• Work order
Restate the listing that follows word for word, without its pictures.

• Exercise input
= = = = =

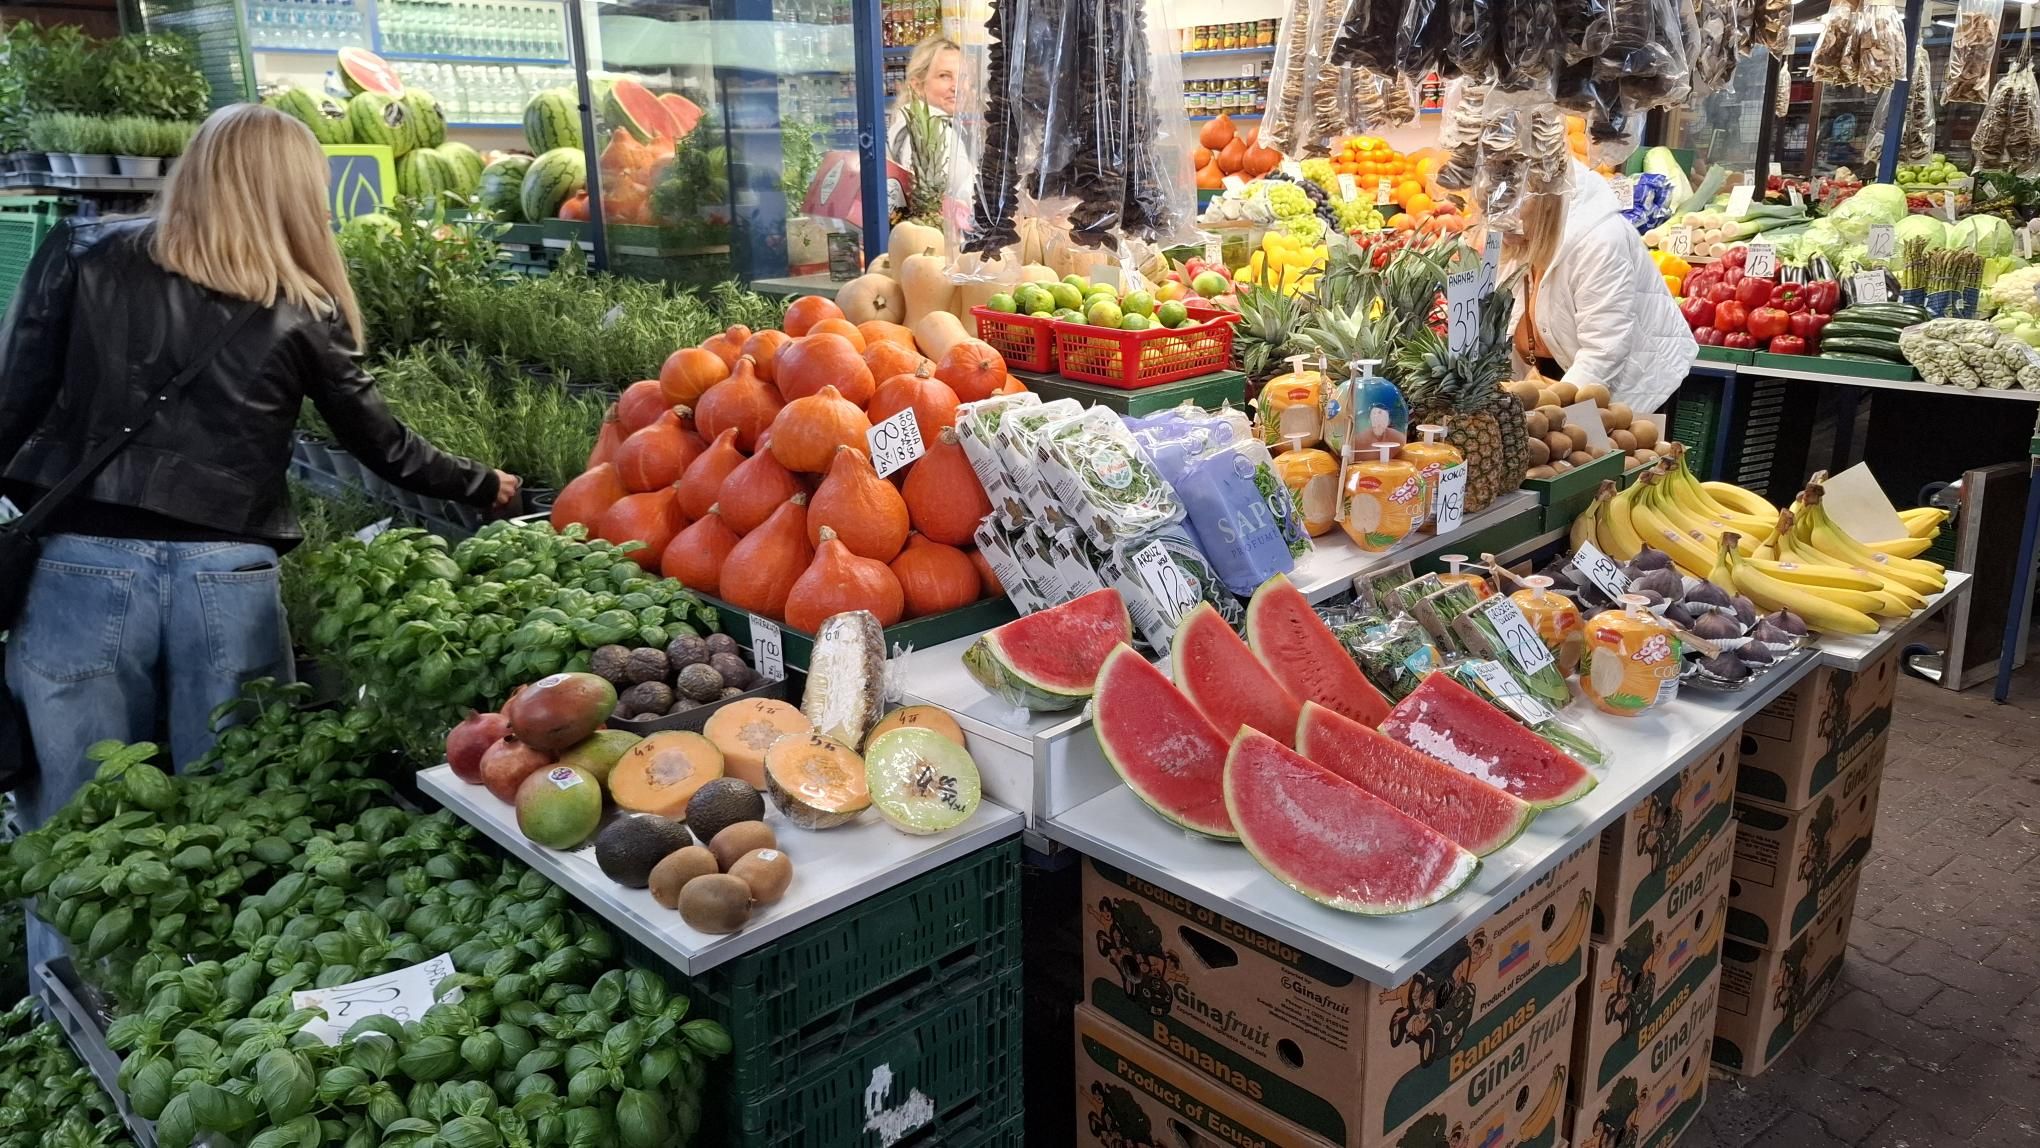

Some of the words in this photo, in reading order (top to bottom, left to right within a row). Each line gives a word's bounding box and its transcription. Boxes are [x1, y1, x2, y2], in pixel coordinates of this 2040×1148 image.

[1748, 255, 1768, 275] 15
[1870, 233, 1889, 256] 12
[1448, 271, 1474, 287] ANANAS
[1451, 298, 1477, 352] 35
[874, 421, 900, 451] 8
[907, 411, 921, 445] DYNIA
[1389, 476, 1415, 501] COCO
[1397, 485, 1419, 505] PRO
[1438, 492, 1459, 523] 18
[1137, 546, 1162, 567] ARBUZ
[1156, 565, 1186, 620] 12
[1507, 624, 1544, 667] 20
[1631, 634, 1666, 660] COCO
[1644, 645, 1671, 665] PRO
[1837, 728, 1875, 772] Bananas
[1666, 830, 1713, 885] Bananas
[1667, 838, 1732, 920] Ginafruit
[1126, 874, 1193, 916] Product
[1194, 906, 1215, 926] of
[1220, 914, 1302, 965] Ecuador
[1292, 981, 1351, 1015] Ginafruit
[1480, 987, 1507, 1013] Product
[1515, 959, 1541, 984] Ecuador
[1793, 978, 1832, 1033] Bananas
[1173, 983, 1272, 1050] Ginafruit
[1449, 997, 1537, 1083] Bananas
[1638, 983, 1690, 1051] Bananas
[1650, 985, 1715, 1074] Ginafruit
[1153, 1020, 1265, 1100] Bananas
[1468, 995, 1572, 1107] Ginafruit
[1117, 1059, 1182, 1109] Product
[1186, 1103, 1203, 1122] of

= = = = =

• Answer to the problem
Some of the words in this photo, in reading order (top to bottom, left to right within a row). Each line gives a word's bounding box and its transcription. Boxes are [x1, y1, x2, y2], in pixel coordinates of this 2040×1148 image.

[1748, 255, 1768, 275] 15
[1870, 233, 1889, 256] 12
[1448, 271, 1474, 287] ANANAS
[1451, 298, 1477, 352] 35
[874, 421, 900, 451] 8
[907, 411, 921, 445] DYNIA
[1389, 476, 1415, 501] COCO
[1397, 485, 1419, 505] PRO
[1438, 492, 1459, 523] 18
[1137, 546, 1162, 567] ARBUZ
[1156, 565, 1186, 620] 12
[1507, 624, 1544, 667] 20
[1631, 634, 1666, 660] COCO
[1644, 645, 1671, 665] PRO
[1837, 728, 1875, 772] Bananas
[1666, 830, 1713, 885] Bananas
[1667, 838, 1732, 920] Ginafruit
[1126, 874, 1193, 916] Product
[1194, 906, 1215, 926] of
[1220, 914, 1302, 965] Ecuador
[1292, 981, 1351, 1015] Ginafruit
[1480, 987, 1507, 1013] Product
[1515, 959, 1541, 984] Ecuador
[1793, 978, 1832, 1033] Bananas
[1173, 983, 1272, 1050] Ginafruit
[1449, 997, 1537, 1083] Bananas
[1638, 983, 1690, 1051] Bananas
[1650, 985, 1715, 1074] Ginafruit
[1153, 1020, 1265, 1100] Bananas
[1468, 995, 1572, 1107] Ginafruit
[1117, 1059, 1182, 1109] Product
[1186, 1103, 1203, 1122] of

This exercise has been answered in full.